Arraylake#
Icechunk is a free, open-source (Apache 2.0) transactional storage engine for Zarr. Arraylake is Earthmover's managed cloud platform, built on top of Icechunk. Both are made by Earthmover.
Icechunk is a fully capable, standalone product -- you never need Arraylake to use it. Arraylake adds operational, collaboration, and data-delivery features on top of Icechunk for teams that want a managed experience.
Migrating from Icechunk to Arraylake is easy, as any Icechunk Repository can be directly imported into Arraylake.
Feature Comparison#
Open-Source Storage Engine#
Arraylake is built on Icechunk, so these core capabilities ship with Icechunk and are available in both Icechunk and Arraylake.
| Feature | Icechunk | Arraylake |
|---|---|---|
| Transactional storage engine | ||
| Version control (branches, tags, time travel) | ||
| ACID transactions with serializable isolation | ||
| Virtual chunk references (HDF5, NetCDF, GRIB, TIFF) | ||
| Parallel / distributed writes | ||
| Cloud storage (S3, GCS, Azure, R2, etc.) | Self-managed | Earthmover-managed or bring your own bucket |
Collaboration & Access Control#
Arraylake adds team-oriented security and identity management on top of Icechunk's storage layer.

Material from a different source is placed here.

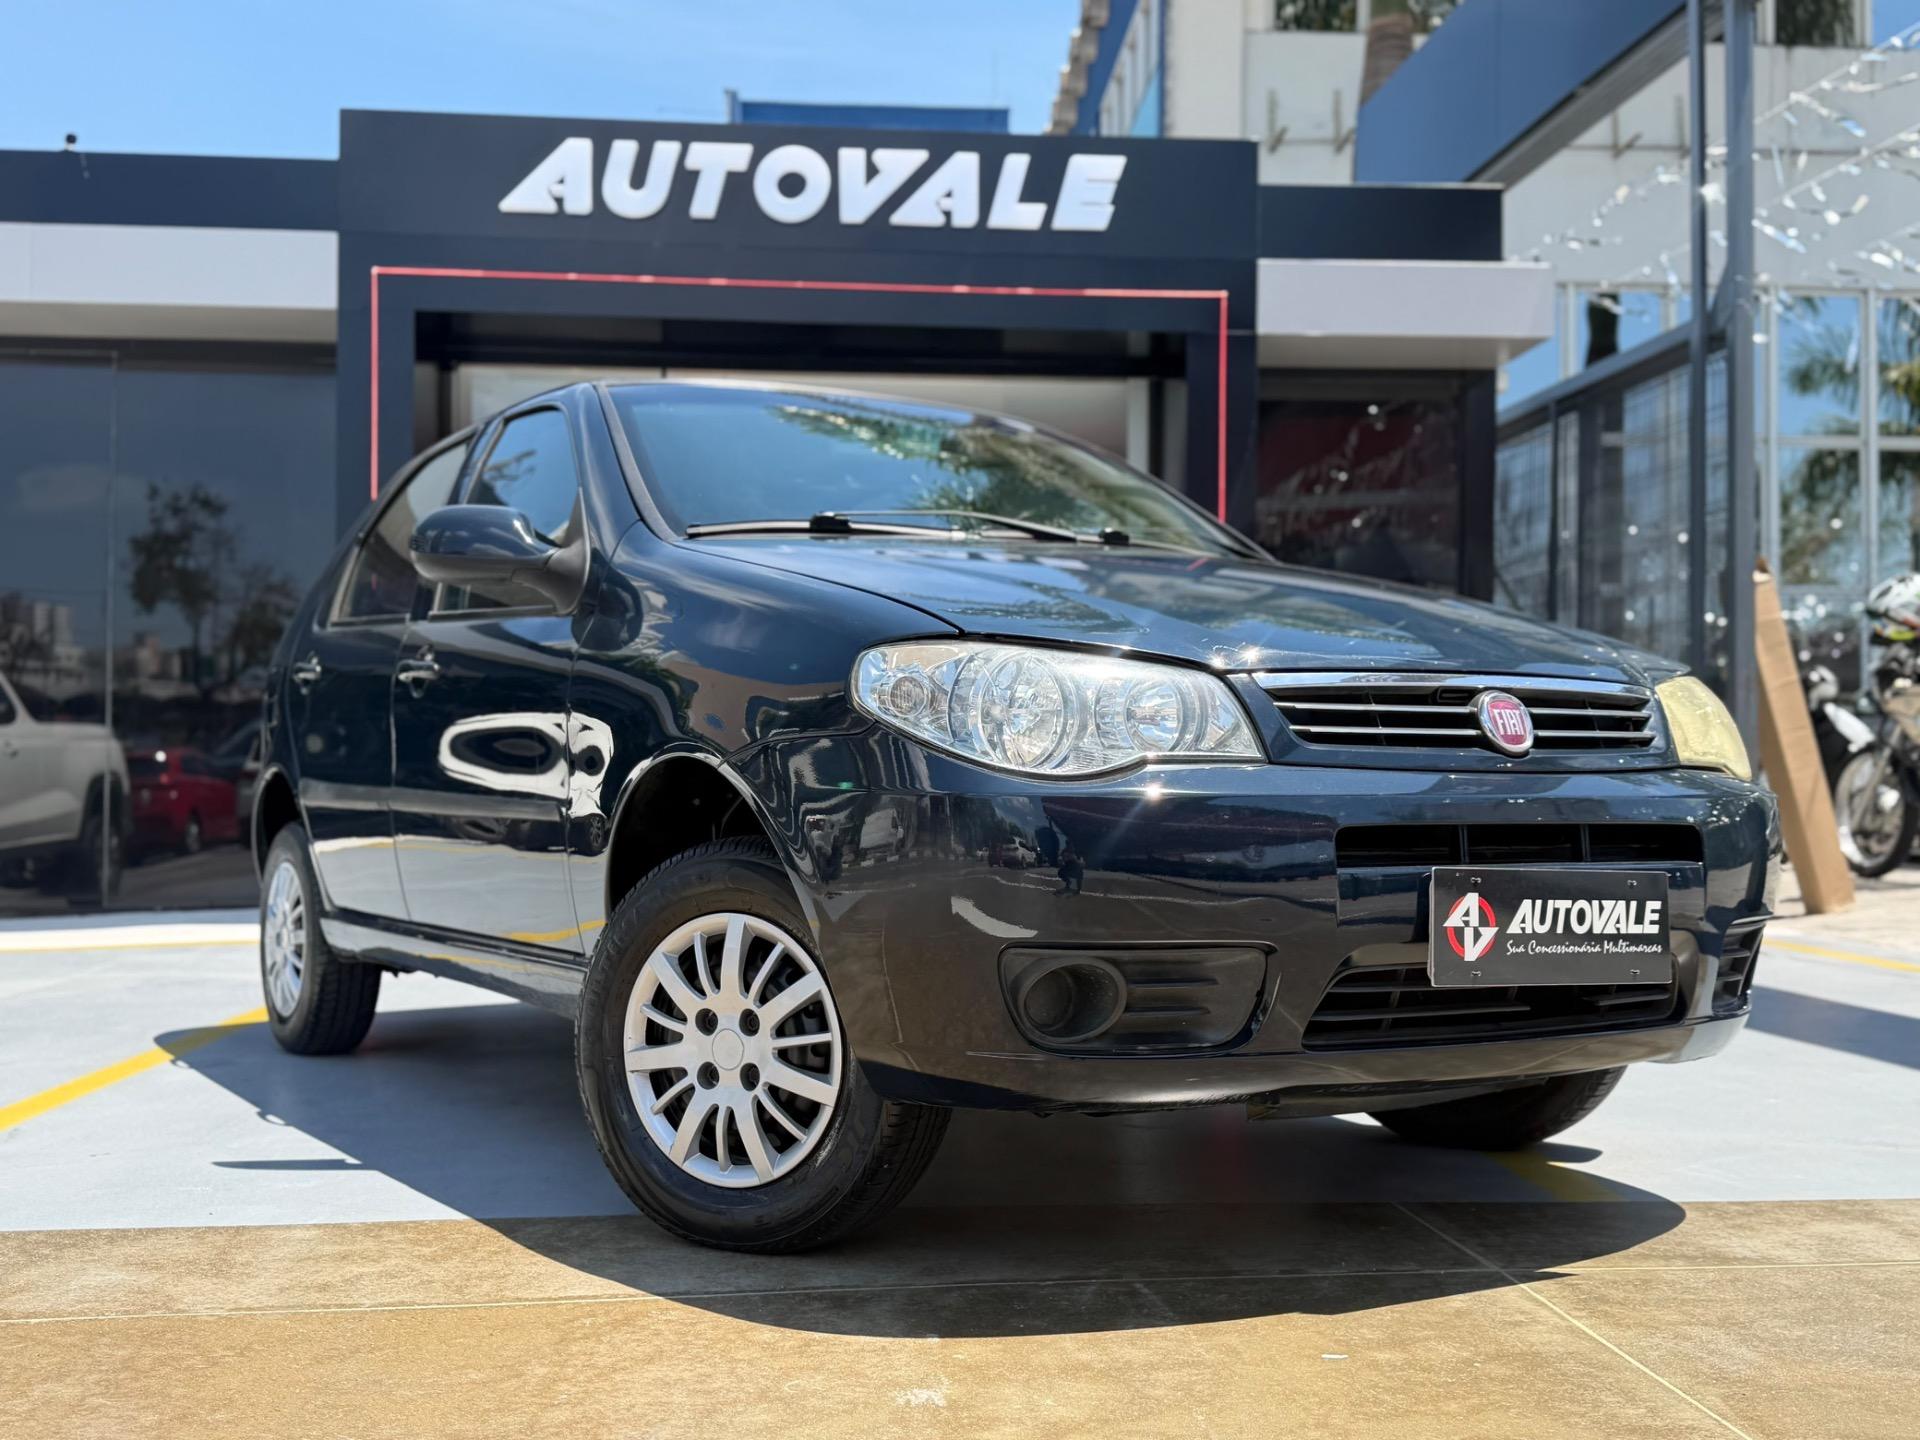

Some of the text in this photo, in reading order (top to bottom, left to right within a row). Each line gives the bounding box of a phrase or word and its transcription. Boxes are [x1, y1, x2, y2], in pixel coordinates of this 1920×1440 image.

| Feature | Icechunk | Arraylake |
|---|---|---|
| Role-based access control (RBAC) | Relies on cloud IAM | Org-level and repo-level roles |
| SSO / SAML authentication | Google, GitHub, Microsoft AD | |
| Credential vending | You manage credentials | Automatic temporary credential delegation |
| API keys for service accounts | Scoped permissions with expiration | |
| Virtual chunk security | Every reader must manage credentials for external data sources | Org-level policies control which external sources are accessible; readers never handle credentials |
Data Catalog & Sharing#
Arraylake provides a central catalog for scientific data with native understanding of multidimensional arrays -- making it easy to discover, explore, and share datasets within and across organizations.
| Feature | Icechunk | Arraylake |
|---|---|---|
| Repository catalog & web UI | Browse, search, and inspect repos | |
| Repository metadata & tagging | Classify and filter repos with arbitrary metadata | |
| Organization-level dashboards | Aggregated view across all repos | |
| Cross-organization sharing | Share datasets between organizations with read-only mirrors | |
| Data marketplace | Publish and subscribe to datasets (free or paid) | |
| Filtered subscriptions | Data providers can gate access to subsets of a dataset behind a paywall |
Data Delivery#
Arraylake's Flux service exposes your data through industry-standard protocols, with no additional infrastructure to manage.
| Feature | Icechunk | Arraylake |
|---|---|---|
| EDR (Environmental Data Retrieval) | OGC-compliant | |
| Map Tiles API | OGC Tiles | |
| WMS (Web Map Service) | OGC v1.3.0 + ncWMS extensions | |
| OPeNDAP / DAP2 |
Operations & Monitoring#
Arraylake automates routine maintenance and gives visibility into repository health.
| Feature | Icechunk | Arraylake |
|---|---|---|
| Garbage collection & data expiration | You run it | Scheduled, runs on managed compute |
| Monitoring & metrics dashboards | Repo-level and org-level | |
| Webhooks & Slack notifications | Commit events | |
| Performance tuning | Manual configuration | arraylake repo tune benchmarking |
Support & Pricing#
| Feature | Icechunk | Arraylake |
|---|---|---|
| Pricing | Free forever (Apache 2.0) | Free tier (read-only) + Professional tier |
| Support | Community (GitHub, Slack) | Priority support |
When to Use Which#
Use Icechunk on its own if you are comfortable managing your own cloud infrastructure, don't need a web UI or access control beyond cloud IAM, and want full control with no additional cost or vendor dependency, and only want to access free and open data sources.
Use Arraylake if you need team collaboration with role-based access, want a web UI for managing repositories, need to serve data via standard protocols (OGC, OPeNDAP), or want managed operations like garbage collection, credential vending, and monitoring, or if you want access to paid datasets on Arraylake.
No Lock-in#
Arraylake stores your data in Icechunk format in your own object storage (bring your own bucket), following the open Icechunk Format Specification. If you discontinue your Arraylake subscription, you can still read and write all of your data using Icechunk.